16. The Proposed Transfer will apply to approximately XXXXXXXXXX of the Canadian Participants of Plan A (the “Affected Canadian Participants”), which may include active participants, deferred vested participants and retired participants. The Affected Canadian Participants will cease to be participants of Plan A upon completion of the Proposed Transfer.
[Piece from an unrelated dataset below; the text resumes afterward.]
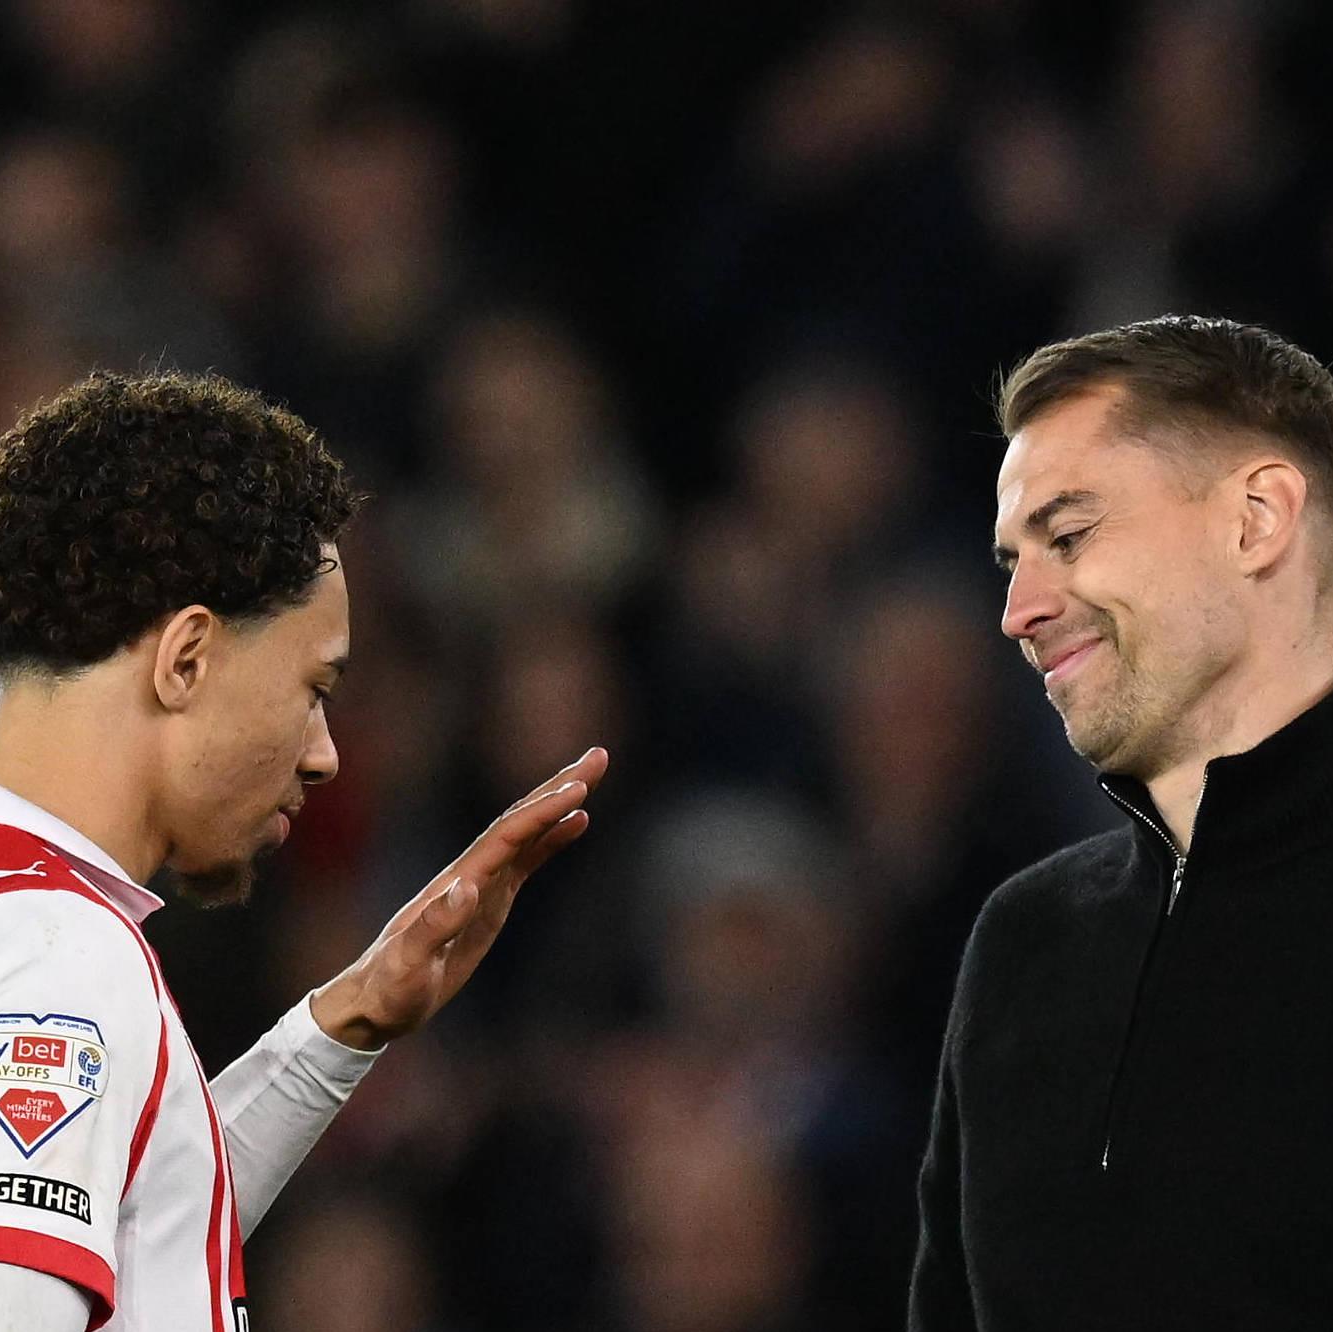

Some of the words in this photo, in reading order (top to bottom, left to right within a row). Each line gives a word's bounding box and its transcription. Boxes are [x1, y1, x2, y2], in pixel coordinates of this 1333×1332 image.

The other estimated XXXXXXXXXX Canadian Participants of Plan A will not be impacted and will remain participants of Plan A.
17. The Proposed Transfer will occur on or about XXXXXXXXXX. Plan B will then continue as an active plan under which active participants will accrue retirement benefits.
18. Due to the requirements of applicable United States law, as well as procedural requirements of the financial institution(s) investing the Plan A pension assets that will be transferred, there may be an administrative or legal necessity for the asset transfer to be finalized subsequent to date referred to in paragraph 17. However, the effective date of the Proposed Transactions remains the date referred to in paragraph 17.
Purpose of Proposed Transactions
19. The purpose of the Proposed Transactions is for Plan B to accept the transfer of pension assets and liabilities relating to certain Plan A participants from Plan A to Plan B and to administer those assets and liabilities on a prospective basis for those affected participants.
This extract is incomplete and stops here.